Leaving the pictures out, transcribe the records below exactly.

**Data section**

▬▬▬▬▬▬▬▬▬▬

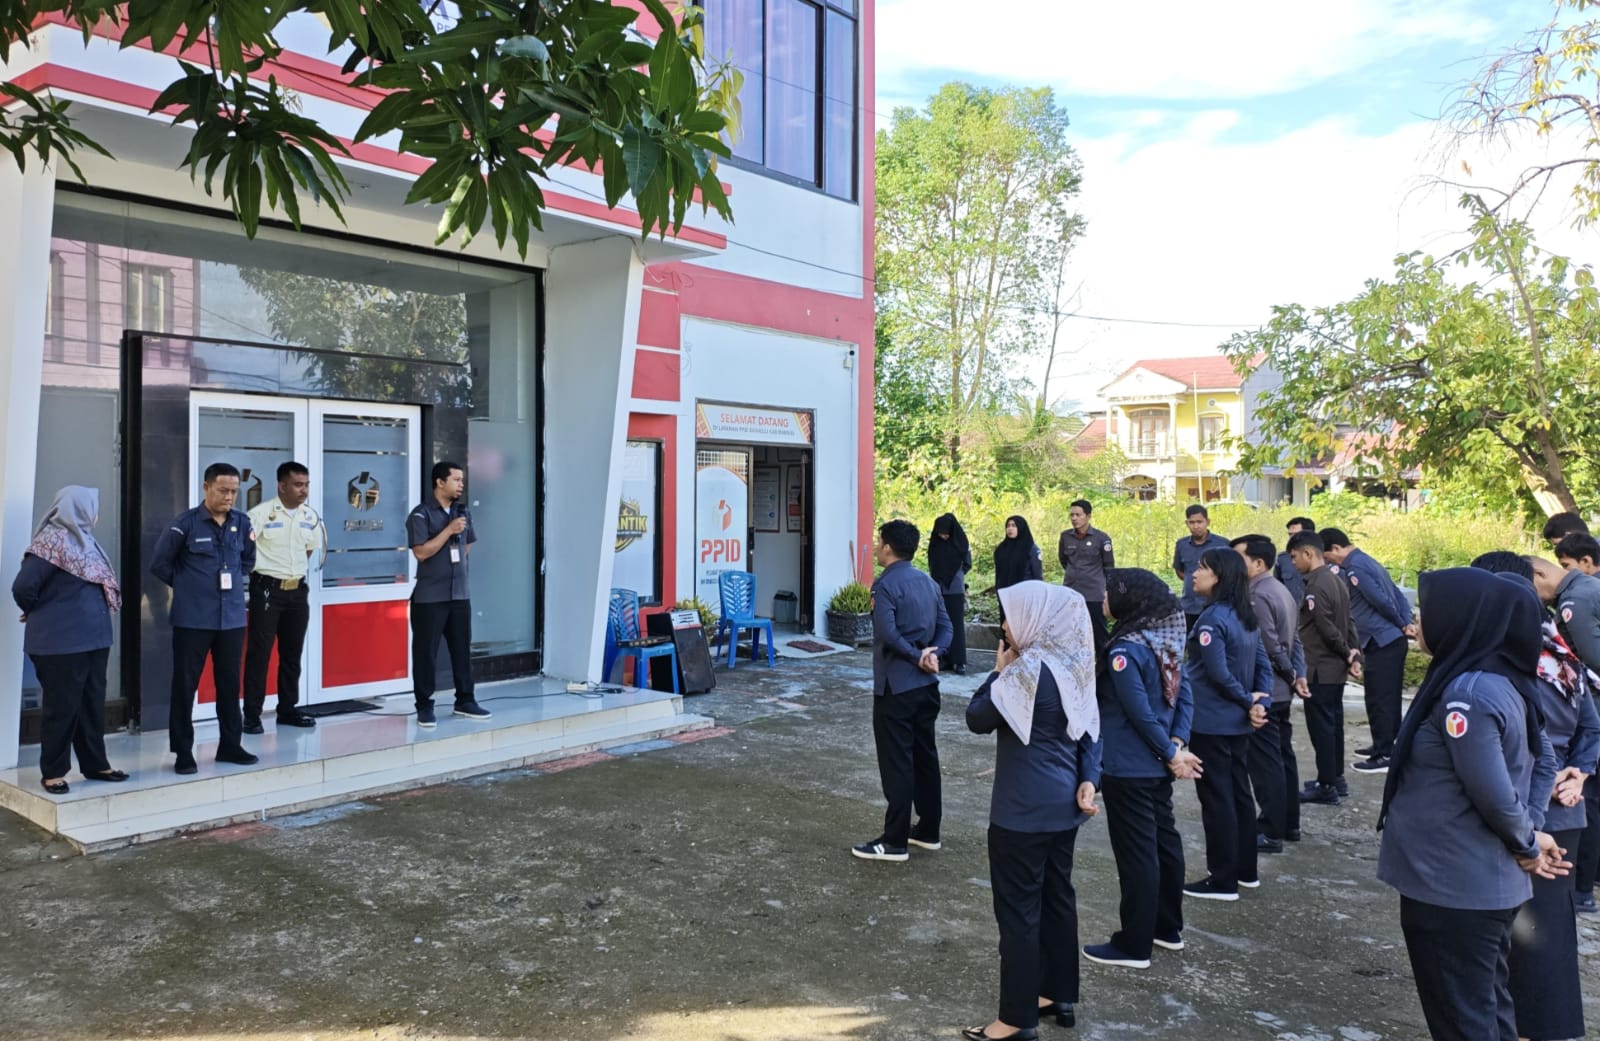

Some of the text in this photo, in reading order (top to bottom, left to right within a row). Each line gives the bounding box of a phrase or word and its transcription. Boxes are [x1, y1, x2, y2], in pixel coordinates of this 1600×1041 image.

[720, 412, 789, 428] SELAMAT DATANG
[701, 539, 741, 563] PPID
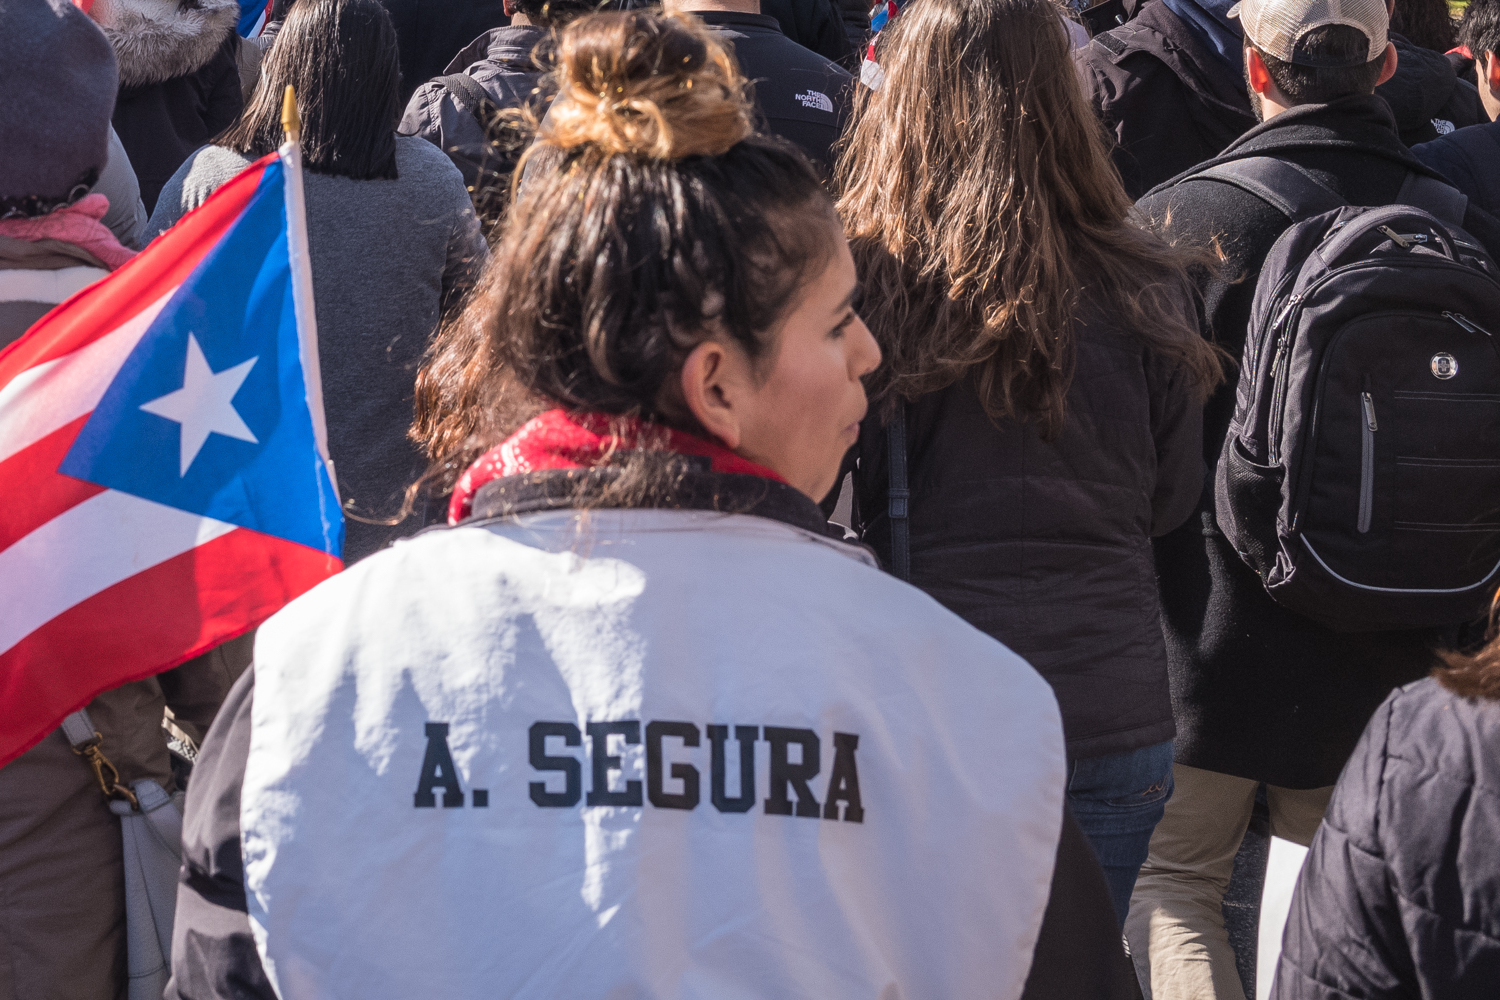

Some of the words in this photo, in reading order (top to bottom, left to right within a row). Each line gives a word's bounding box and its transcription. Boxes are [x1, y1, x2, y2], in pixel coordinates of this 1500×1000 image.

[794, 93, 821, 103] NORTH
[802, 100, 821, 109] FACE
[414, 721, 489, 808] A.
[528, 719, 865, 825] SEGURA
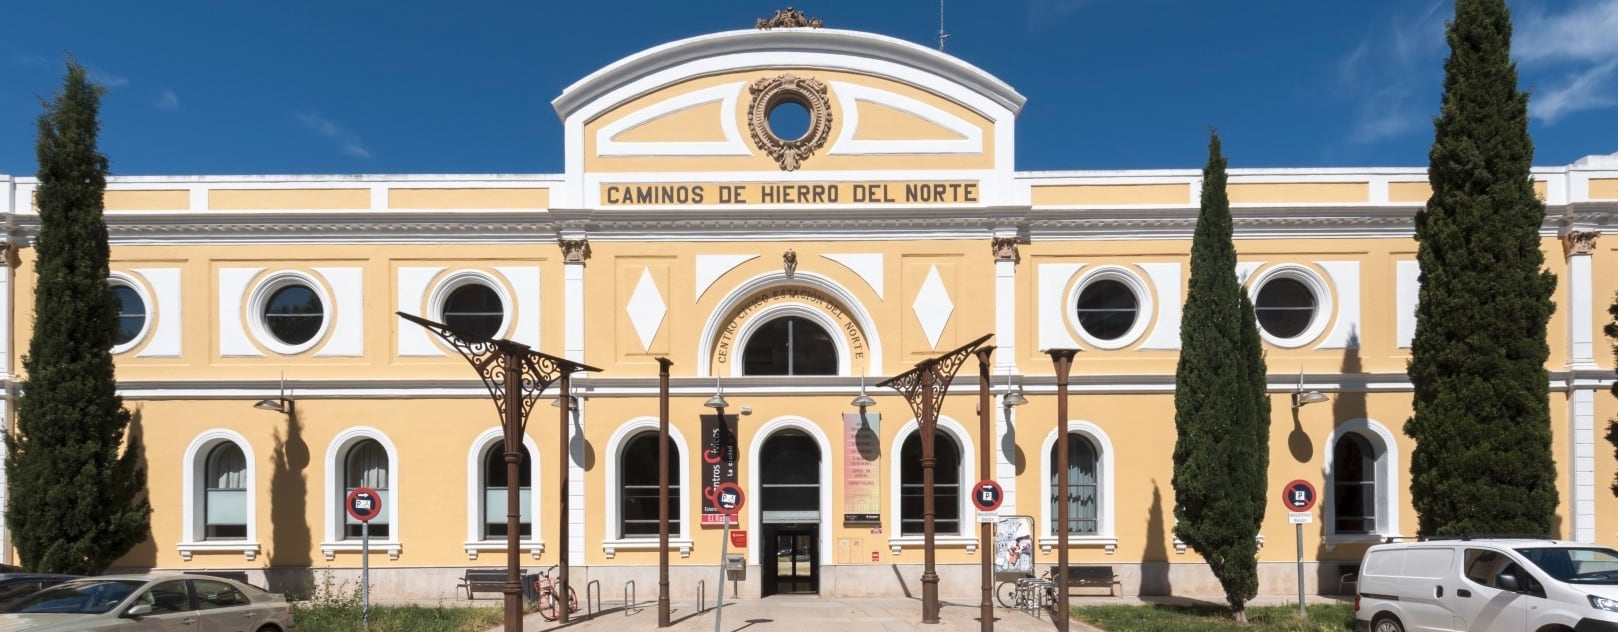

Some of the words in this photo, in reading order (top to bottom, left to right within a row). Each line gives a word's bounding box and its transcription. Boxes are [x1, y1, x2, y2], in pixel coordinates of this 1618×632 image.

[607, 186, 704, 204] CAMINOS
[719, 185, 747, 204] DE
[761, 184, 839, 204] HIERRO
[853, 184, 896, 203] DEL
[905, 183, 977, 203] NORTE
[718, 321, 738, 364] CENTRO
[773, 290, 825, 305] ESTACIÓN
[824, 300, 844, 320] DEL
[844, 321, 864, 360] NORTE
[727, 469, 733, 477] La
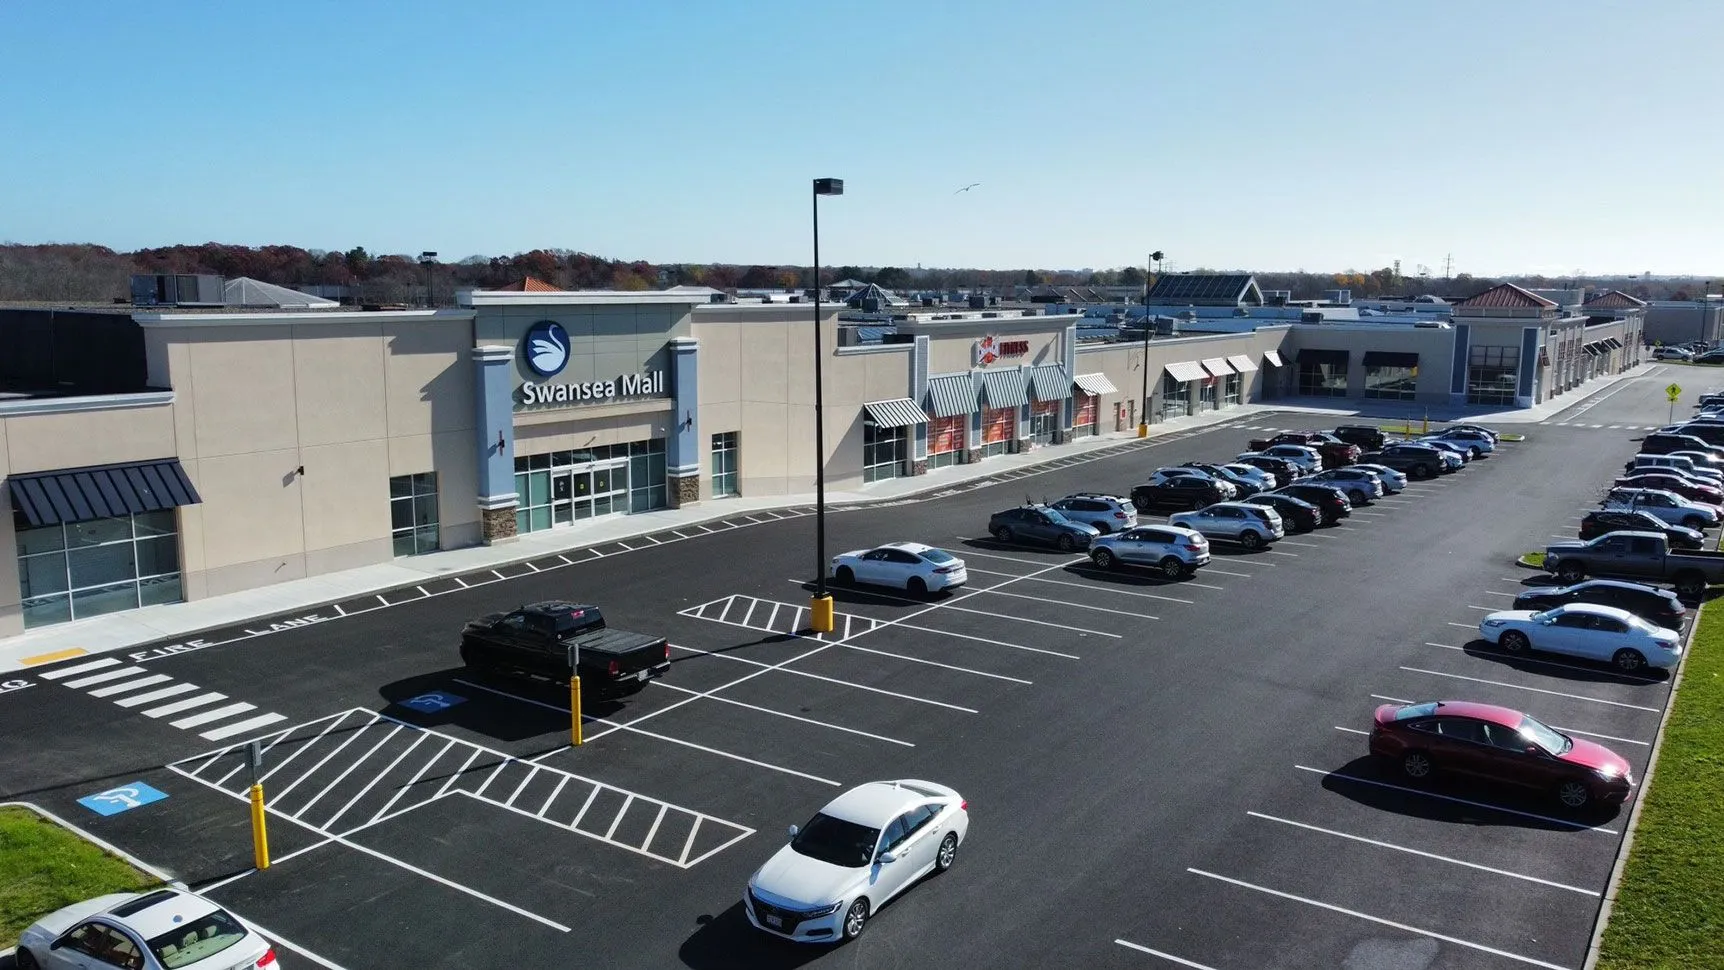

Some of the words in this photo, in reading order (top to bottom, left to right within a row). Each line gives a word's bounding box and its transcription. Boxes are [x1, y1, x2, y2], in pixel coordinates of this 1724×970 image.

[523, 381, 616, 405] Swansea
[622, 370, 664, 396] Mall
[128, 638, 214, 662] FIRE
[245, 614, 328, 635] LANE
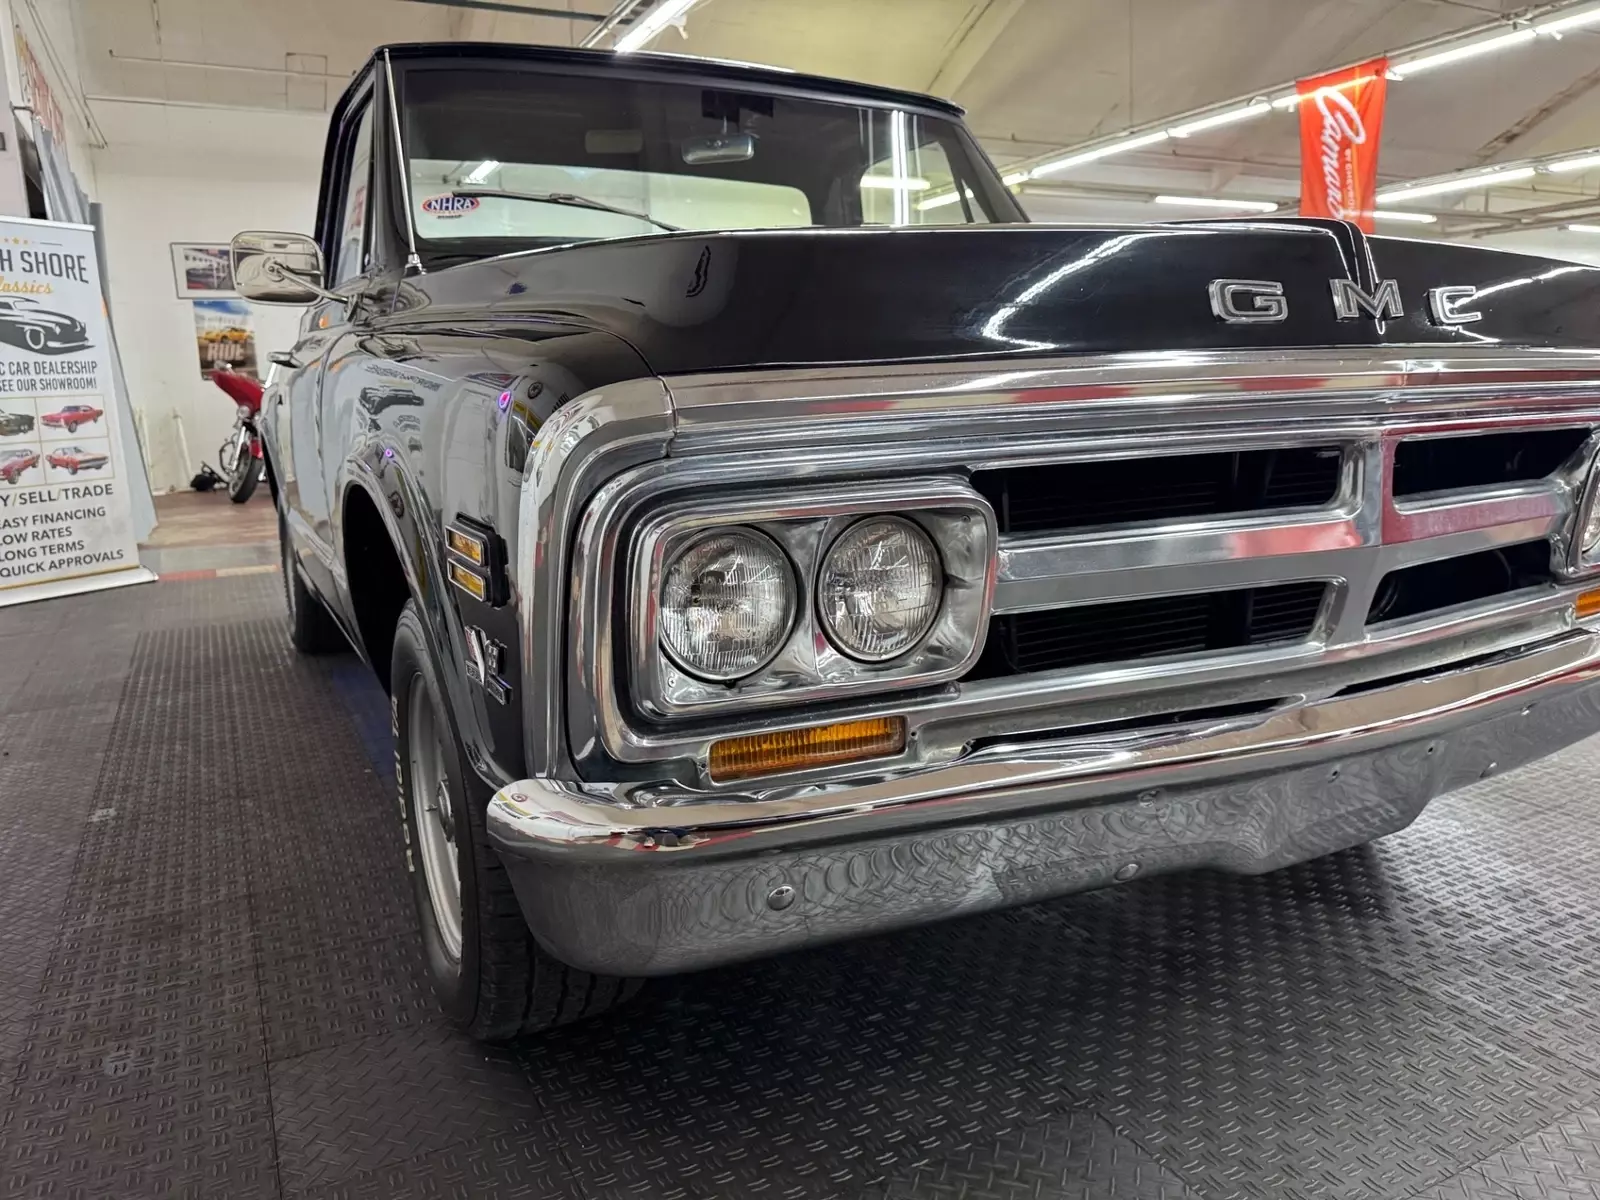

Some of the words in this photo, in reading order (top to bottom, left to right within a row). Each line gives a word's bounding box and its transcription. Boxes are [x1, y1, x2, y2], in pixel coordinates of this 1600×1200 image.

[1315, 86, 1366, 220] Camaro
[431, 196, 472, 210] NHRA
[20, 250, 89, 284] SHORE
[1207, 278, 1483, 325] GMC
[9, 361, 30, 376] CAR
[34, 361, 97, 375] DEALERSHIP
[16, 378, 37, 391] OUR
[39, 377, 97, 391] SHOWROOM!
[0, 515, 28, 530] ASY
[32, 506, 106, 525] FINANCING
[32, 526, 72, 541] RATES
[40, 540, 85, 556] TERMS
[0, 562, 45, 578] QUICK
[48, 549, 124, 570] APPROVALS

▬▬▬▬▬▬▬▬▬▬

**Solved exercise**
Some of the text in this photo, in reading order (top to bottom, left to right within a row). Each line gives the bounding box of a phrase or word and its transcription. Boxes are [x1, y1, x2, y2], in pixel coordinates of this 1600×1041 image.

[720, 412, 789, 428] SELAMAT DATANG
[701, 539, 741, 563] PPID

Some of the words in this photo, in reading order (top to bottom, left to right within a row). Each line gives a word's bounding box and its transcription. Boxes are [x1, y1, x2, y2], in pixel coordinates of this 1500×1000 image.

[794, 93, 821, 103] NORTH
[802, 100, 821, 109] FACE
[414, 721, 489, 808] A.
[528, 719, 865, 825] SEGURA

Some of the words in this photo, in reading order (top to bottom, left to right within a row). Each line gives a word's bounding box and its transcription. Boxes are [x1, y1, x2, y2], in pixel coordinates of this 1618×632 image.

[607, 186, 704, 204] CAMINOS
[719, 185, 747, 204] DE
[761, 184, 839, 204] HIERRO
[853, 184, 896, 203] DEL
[905, 183, 977, 203] NORTE
[718, 321, 738, 364] CENTRO
[773, 290, 825, 305] ESTACIÓN
[824, 300, 844, 320] DEL
[844, 321, 864, 360] NORTE
[727, 469, 733, 477] La

Some of the words in this photo, in reading order (top to bottom, left to right within a row). Each line gives a word's bounding box and its transcription. Boxes are [x1, y1, x2, y2], in pixel coordinates of this 1724×970 image.

[523, 381, 616, 405] Swansea
[622, 370, 664, 396] Mall
[128, 638, 214, 662] FIRE
[245, 614, 328, 635] LANE

Some of the words in this photo, in reading order (top to bottom, left to right within a row). Each line gives a word's bounding box and its transcription. Boxes are [x1, y1, x2, y2], in pixel coordinates of this 1600×1200 image.

[1315, 86, 1366, 220] Camaro
[431, 196, 472, 210] NHRA
[20, 250, 89, 284] SHORE
[1207, 278, 1483, 325] GMC
[9, 361, 30, 376] CAR
[34, 361, 97, 375] DEALERSHIP
[16, 378, 37, 391] OUR
[39, 377, 97, 391] SHOWROOM!
[0, 515, 28, 530] ASY
[32, 506, 106, 525] FINANCING
[32, 526, 72, 541] RATES
[40, 540, 85, 556] TERMS
[0, 562, 45, 578] QUICK
[48, 549, 124, 570] APPROVALS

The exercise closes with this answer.